Records from a dataset:

<<<<

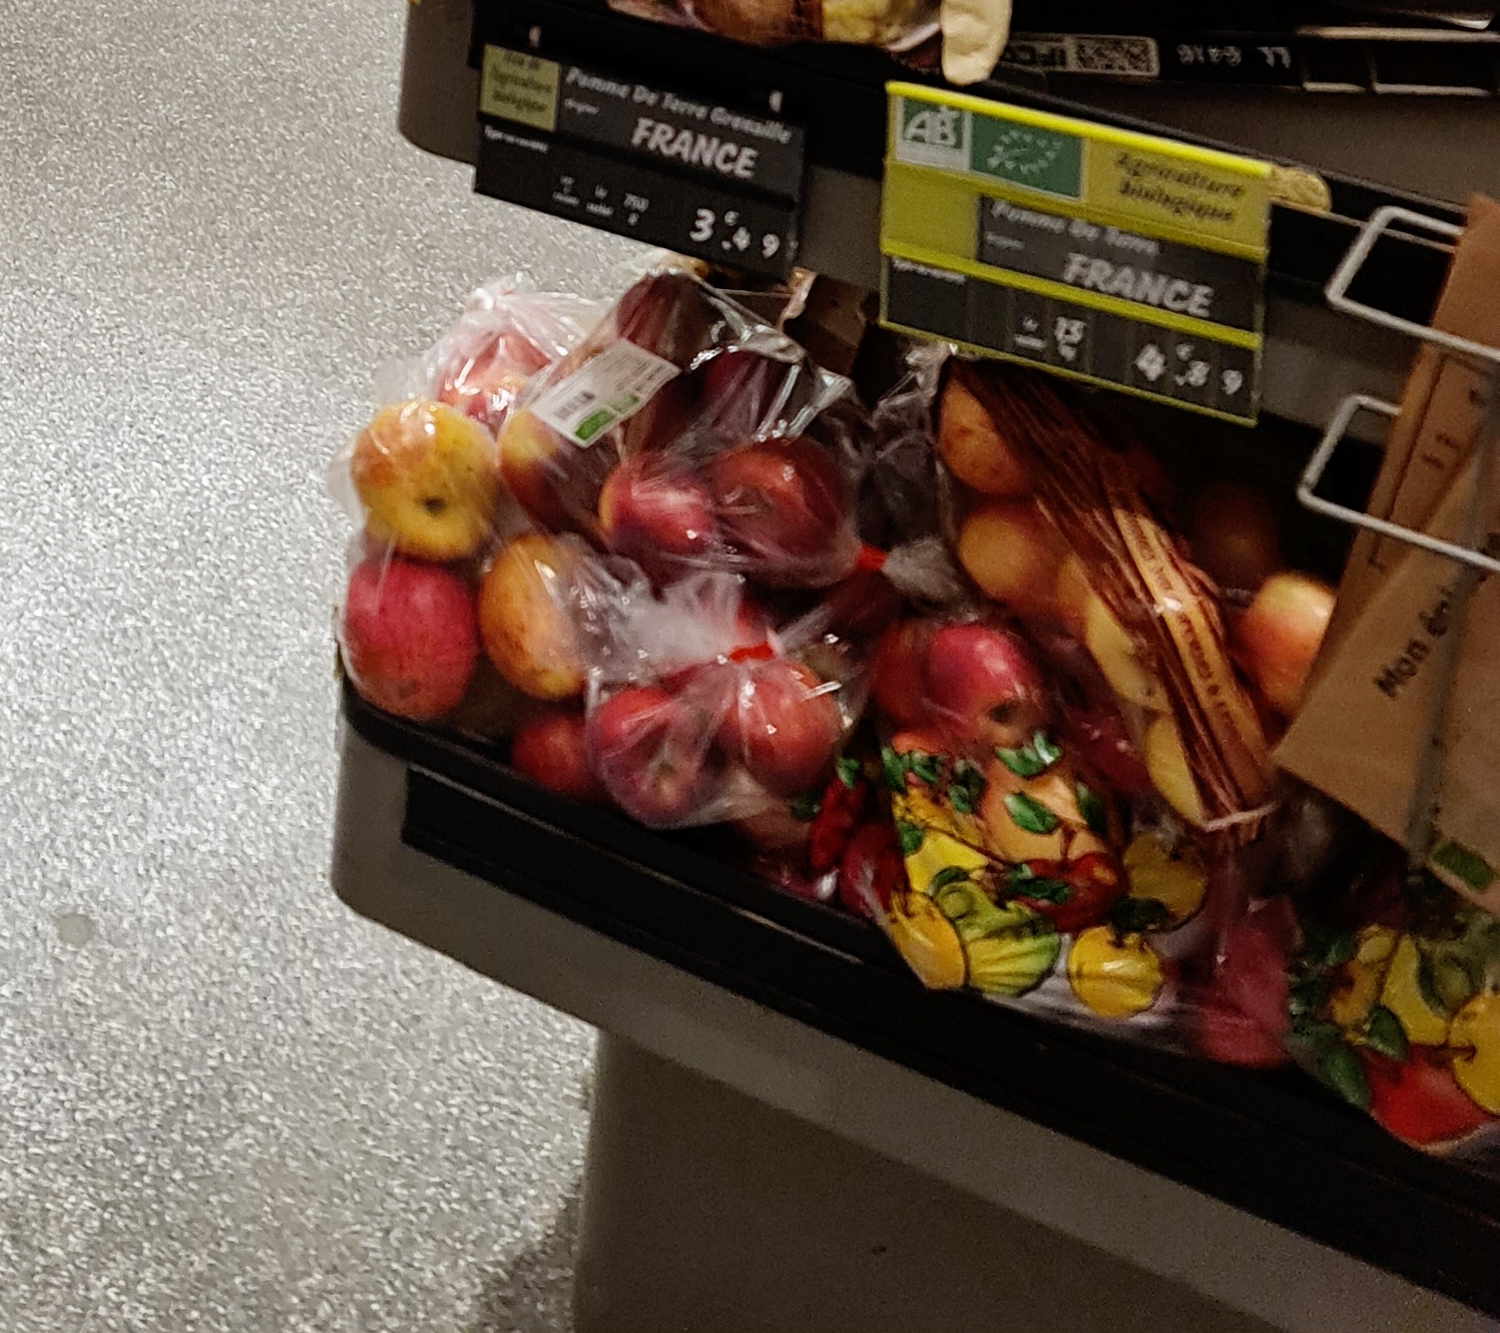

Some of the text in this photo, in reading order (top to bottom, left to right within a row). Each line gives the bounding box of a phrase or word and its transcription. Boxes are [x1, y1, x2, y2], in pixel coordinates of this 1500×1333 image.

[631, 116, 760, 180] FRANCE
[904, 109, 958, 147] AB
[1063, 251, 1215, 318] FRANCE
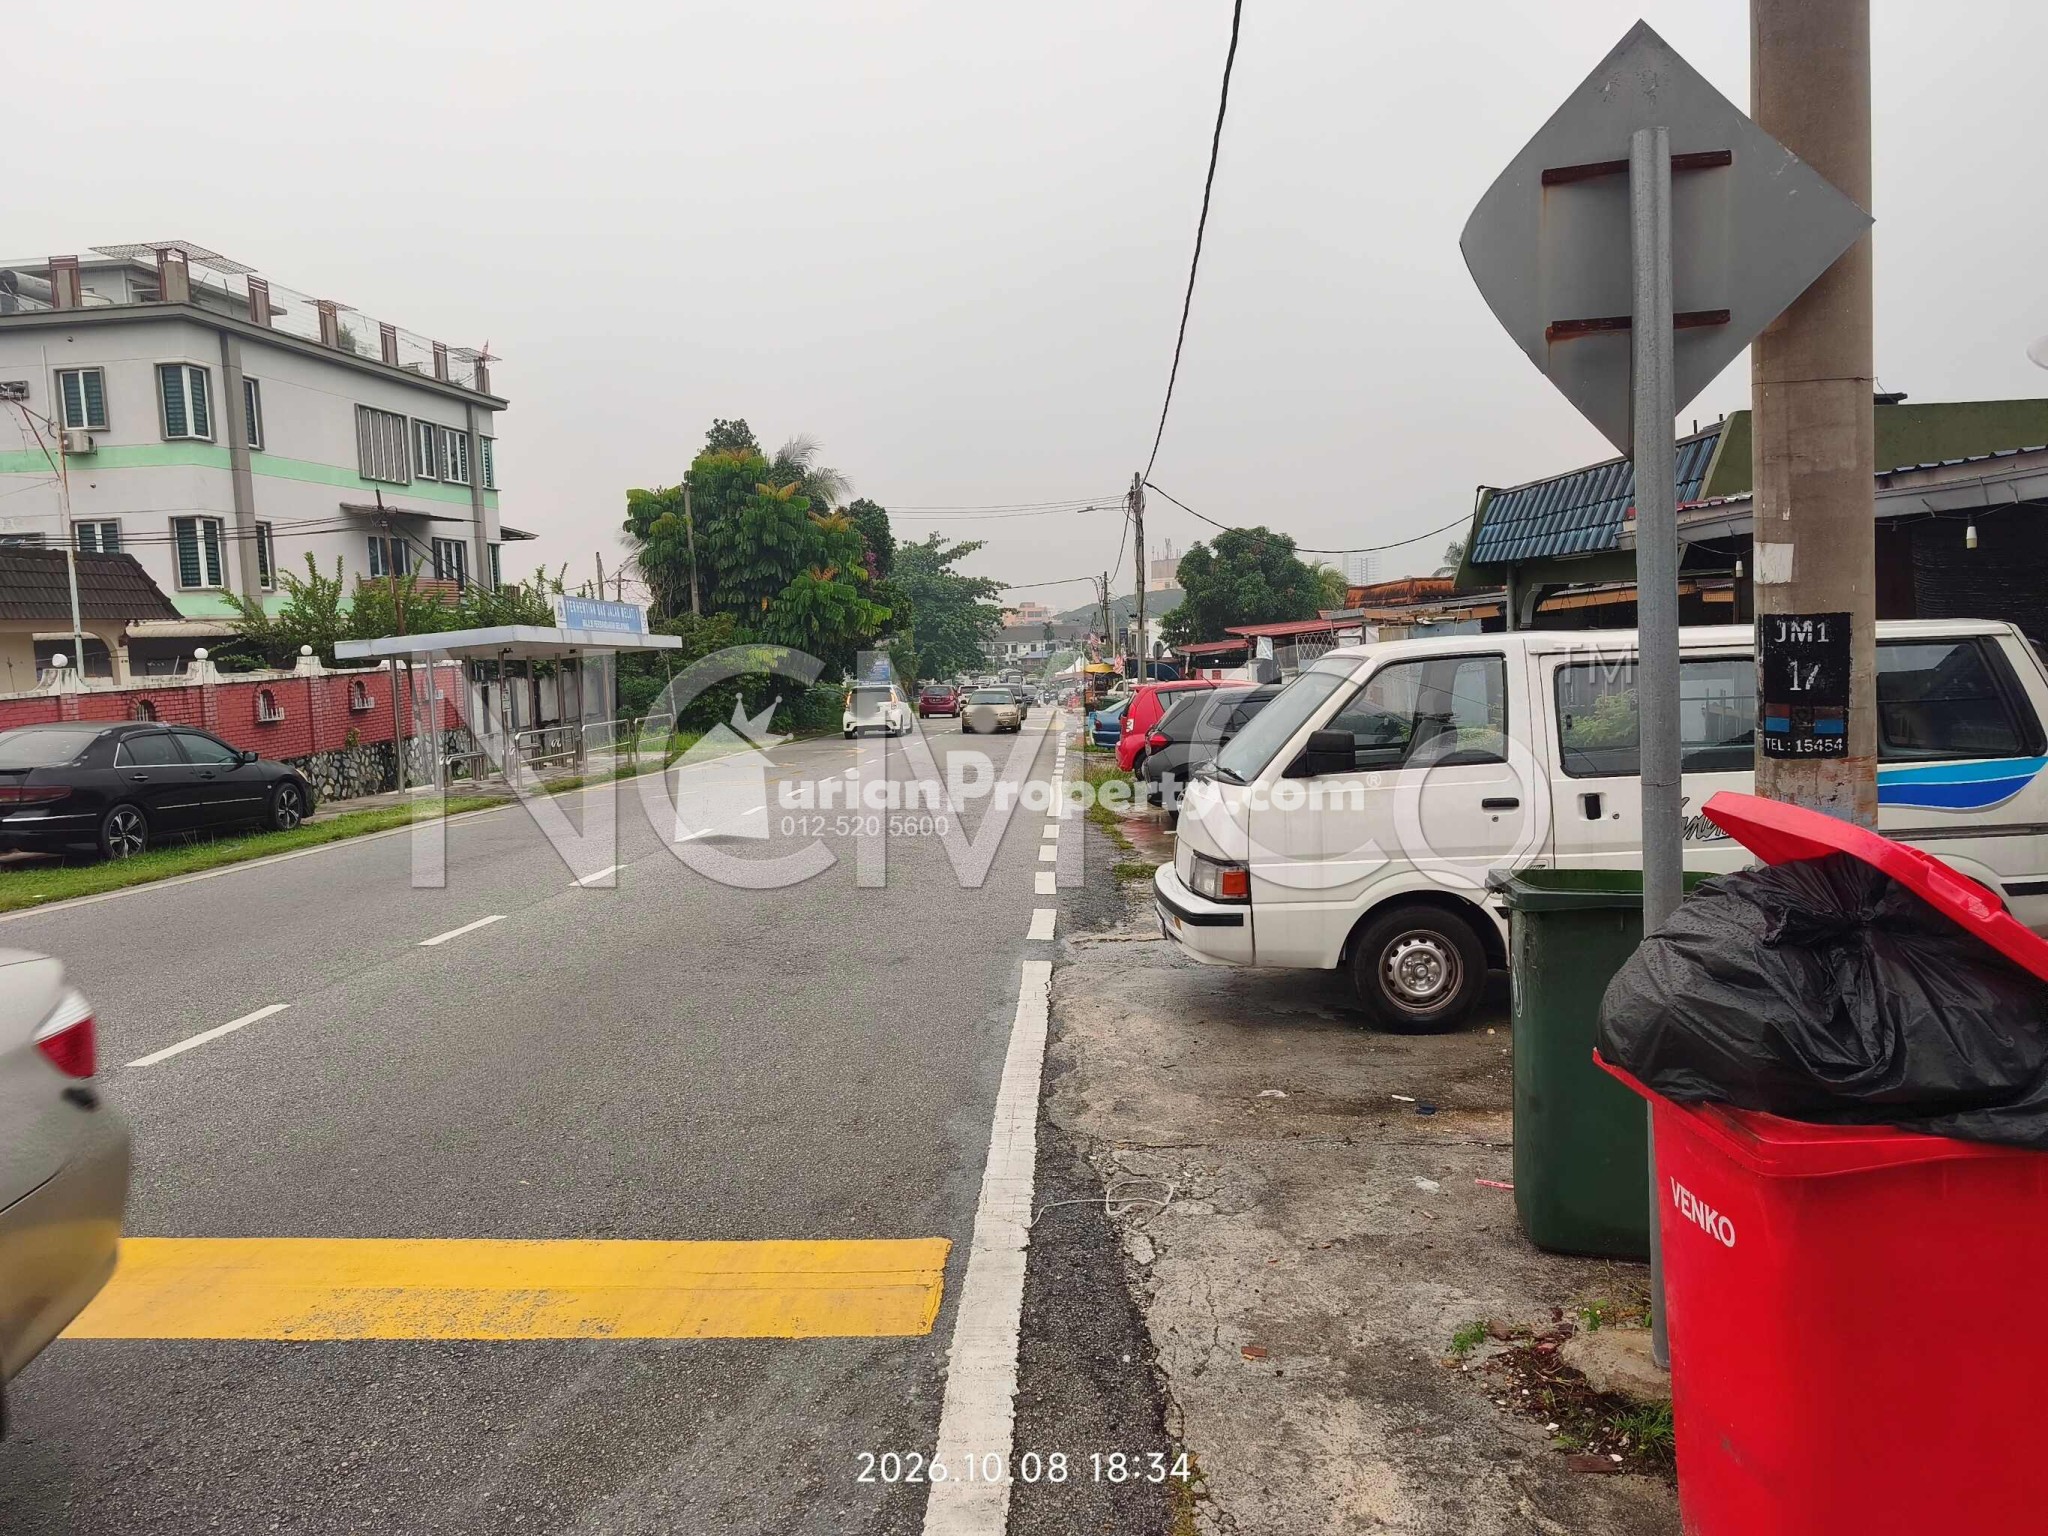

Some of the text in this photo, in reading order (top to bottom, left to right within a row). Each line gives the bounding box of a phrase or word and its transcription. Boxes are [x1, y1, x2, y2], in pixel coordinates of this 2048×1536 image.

>>>>

Your objective:
What is needed is an exact copy of every entry, minus the images.

Solution:
Some of the text in this photo, in reading order (top to bottom, left to right within a row). Each line gives the bounding box of a phrase or word and its transcription. Boxes are [x1, y1, x2, y2], in pixel coordinates of this 1500×1333 image.

[631, 116, 760, 180] FRANCE
[904, 109, 958, 147] AB
[1063, 251, 1215, 318] FRANCE

Some of the text in this photo, in reading order (top to bottom, left to right within a row). Each line gives the bounding box of a phrase or word and its transcription. Boxes are [x1, y1, x2, y2], in pixel coordinates of this 2048×1536 image.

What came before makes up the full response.